(Collected data)
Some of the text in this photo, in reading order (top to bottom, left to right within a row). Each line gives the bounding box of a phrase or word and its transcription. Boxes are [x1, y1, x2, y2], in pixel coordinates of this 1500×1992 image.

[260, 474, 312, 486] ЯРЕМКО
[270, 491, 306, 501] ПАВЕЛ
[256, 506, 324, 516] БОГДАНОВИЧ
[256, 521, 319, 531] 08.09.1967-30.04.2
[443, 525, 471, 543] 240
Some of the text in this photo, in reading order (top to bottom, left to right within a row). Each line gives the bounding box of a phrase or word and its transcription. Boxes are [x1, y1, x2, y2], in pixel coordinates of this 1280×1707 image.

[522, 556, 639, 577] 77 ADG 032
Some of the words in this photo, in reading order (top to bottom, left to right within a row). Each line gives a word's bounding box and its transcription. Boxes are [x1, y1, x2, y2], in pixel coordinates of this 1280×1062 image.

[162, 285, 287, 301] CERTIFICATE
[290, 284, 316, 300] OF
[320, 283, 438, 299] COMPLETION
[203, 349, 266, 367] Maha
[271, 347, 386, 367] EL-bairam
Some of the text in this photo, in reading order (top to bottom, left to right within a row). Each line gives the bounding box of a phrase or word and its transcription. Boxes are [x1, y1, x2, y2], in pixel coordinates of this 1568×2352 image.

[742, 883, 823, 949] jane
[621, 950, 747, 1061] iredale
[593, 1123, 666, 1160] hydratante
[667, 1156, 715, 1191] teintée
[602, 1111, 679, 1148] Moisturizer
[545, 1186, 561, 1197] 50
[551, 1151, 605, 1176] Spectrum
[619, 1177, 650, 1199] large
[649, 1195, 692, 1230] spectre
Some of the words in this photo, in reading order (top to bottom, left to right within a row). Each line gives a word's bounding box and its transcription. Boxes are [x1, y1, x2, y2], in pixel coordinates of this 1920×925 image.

== HOW TO COMPLETE THIS TASK ==
Every entry must be printed again, exactly as it reads.

== RESULT FOR THIS TASK ==
Some of the text in this photo, in reading order (top to bottom, left to right within a row). Each line gives the bounding box of a phrase or word and its transcription. Boxes are [x1, y1, x2, y2], in pixel coordinates of this 1500×1992 image.

[260, 474, 312, 486] ЯРЕМКО
[270, 491, 306, 501] ПАВЕЛ
[256, 506, 324, 516] БОГДАНОВИЧ
[256, 521, 319, 531] 08.09.1967-30.04.2
[443, 525, 471, 543] 240
Some of the text in this photo, in reading order (top to bottom, left to right within a row). Each line gives the bounding box of a phrase or word and its transcription. Boxes are [x1, y1, x2, y2], in pixel coordinates of this 1280×1707 image.

[522, 556, 639, 577] 77 ADG 032
Some of the words in this photo, in reading order (top to bottom, left to right within a row). Each line gives a word's bounding box and its transcription. Boxes are [x1, y1, x2, y2], in pixel coordinates of this 1280×1062 image.

[162, 285, 287, 301] CERTIFICATE
[290, 284, 316, 300] OF
[320, 283, 438, 299] COMPLETION
[203, 349, 266, 367] Maha
[271, 347, 386, 367] EL-bairam
Some of the text in this photo, in reading order (top to bottom, left to right within a row). Each line gives the bounding box of a phrase or word and its transcription. Boxes are [x1, y1, x2, y2], in pixel coordinates of this 1568×2352 image.

[742, 883, 823, 949] jane
[621, 950, 747, 1061] iredale
[593, 1123, 666, 1160] hydratante
[667, 1156, 715, 1191] teintée
[602, 1111, 679, 1148] Moisturizer
[545, 1186, 561, 1197] 50
[551, 1151, 605, 1176] Spectrum
[619, 1177, 650, 1199] large
[649, 1195, 692, 1230] spectre
Some of the words in this photo, in reading order (top to bottom, left to right within a row). Each line gives a word's bounding box and its transcription. Boxes are [x1, y1, x2, y2], in pixel coordinates of this 1920×925 image.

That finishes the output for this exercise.